Provided information section start

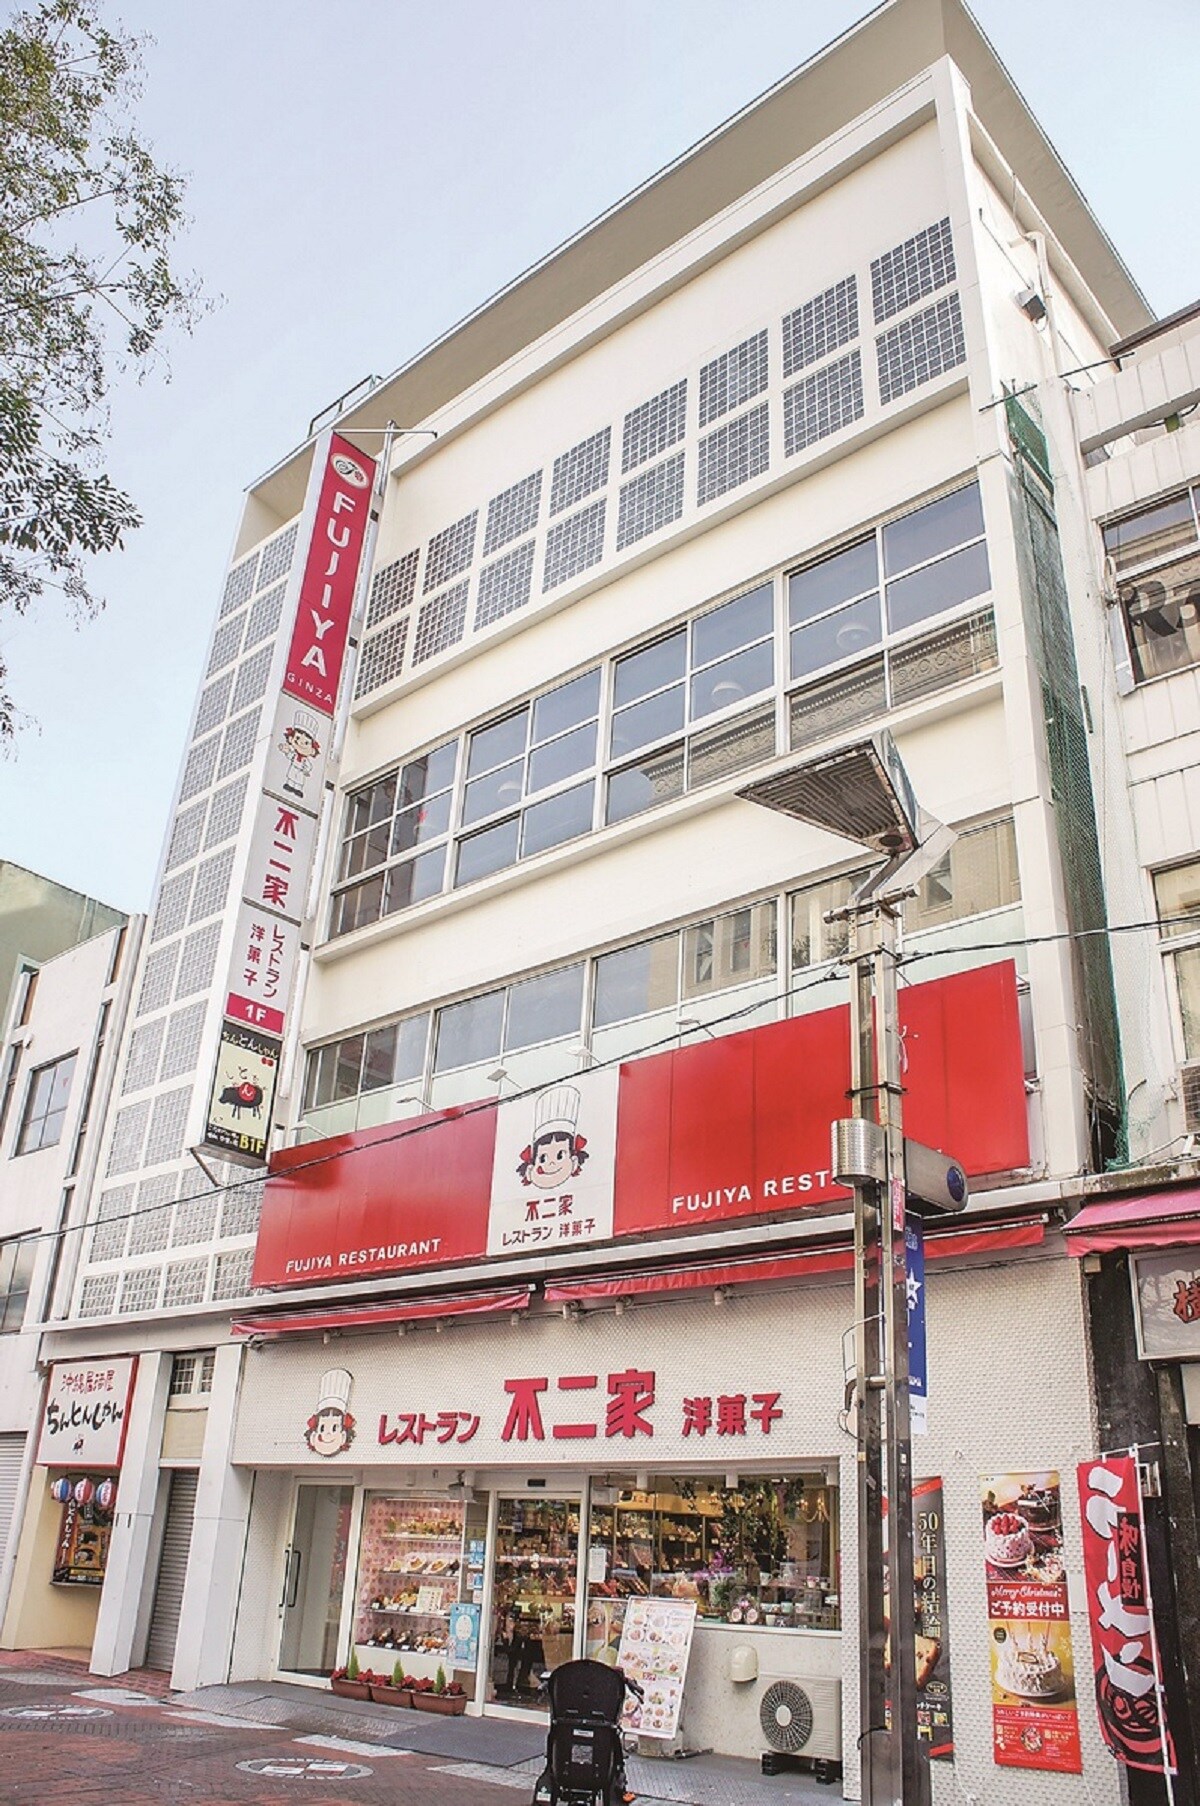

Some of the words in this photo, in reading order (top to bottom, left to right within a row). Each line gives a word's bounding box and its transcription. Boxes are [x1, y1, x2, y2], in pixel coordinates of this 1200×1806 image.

[301, 491, 356, 677] FUJIYA
[287, 672, 334, 704] GINZA
[262, 806, 299, 909] 不二家
[243, 923, 265, 987] 洋菓子
[263, 924, 285, 998] レストラン
[245, 1004, 266, 1022] 1F
[239, 1134, 265, 1154] B1F
[525, 1194, 573, 1221] 不二家
[672, 1184, 752, 1214] FUJIYA
[763, 1169, 835, 1197] REST
[502, 1226, 553, 1246] レストラン
[558, 1218, 596, 1239] 洋菓子
[285, 1254, 332, 1274] FUJIYA
[338, 1238, 442, 1266] RESTAURANT
[47, 1398, 124, 1435] ちんとんしゃん
[377, 1411, 481, 1446] レストラン
[500, 1368, 656, 1442] 不二家
[681, 1393, 784, 1437] 洋菓子
[918, 1511, 942, 1639] 50年目の結論
[991, 1600, 1065, 1617] ご予約受付中

Provided information section end

### Work to be completed
Although the records contain pictures, restate them word for word with those pictures left out.

### Solution to the problem
Some of the words in this photo, in reading order (top to bottom, left to right within a row). Each line gives a word's bounding box and its transcription. Boxes are [x1, y1, x2, y2], in pixel coordinates of this 1200×1806 image.

[301, 491, 356, 677] FUJIYA
[287, 672, 334, 704] GINZA
[262, 806, 299, 909] 不二家
[243, 923, 265, 987] 洋菓子
[263, 924, 285, 998] レストラン
[245, 1004, 266, 1022] 1F
[239, 1134, 265, 1154] B1F
[525, 1194, 573, 1221] 不二家
[672, 1184, 752, 1214] FUJIYA
[763, 1169, 835, 1197] REST
[502, 1226, 553, 1246] レストラン
[558, 1218, 596, 1239] 洋菓子
[285, 1254, 332, 1274] FUJIYA
[338, 1238, 442, 1266] RESTAURANT
[47, 1398, 124, 1435] ちんとんしゃん
[377, 1411, 481, 1446] レストラン
[500, 1368, 656, 1442] 不二家
[681, 1393, 784, 1437] 洋菓子
[918, 1511, 942, 1639] 50年目の結論
[991, 1600, 1065, 1617] ご予約受付中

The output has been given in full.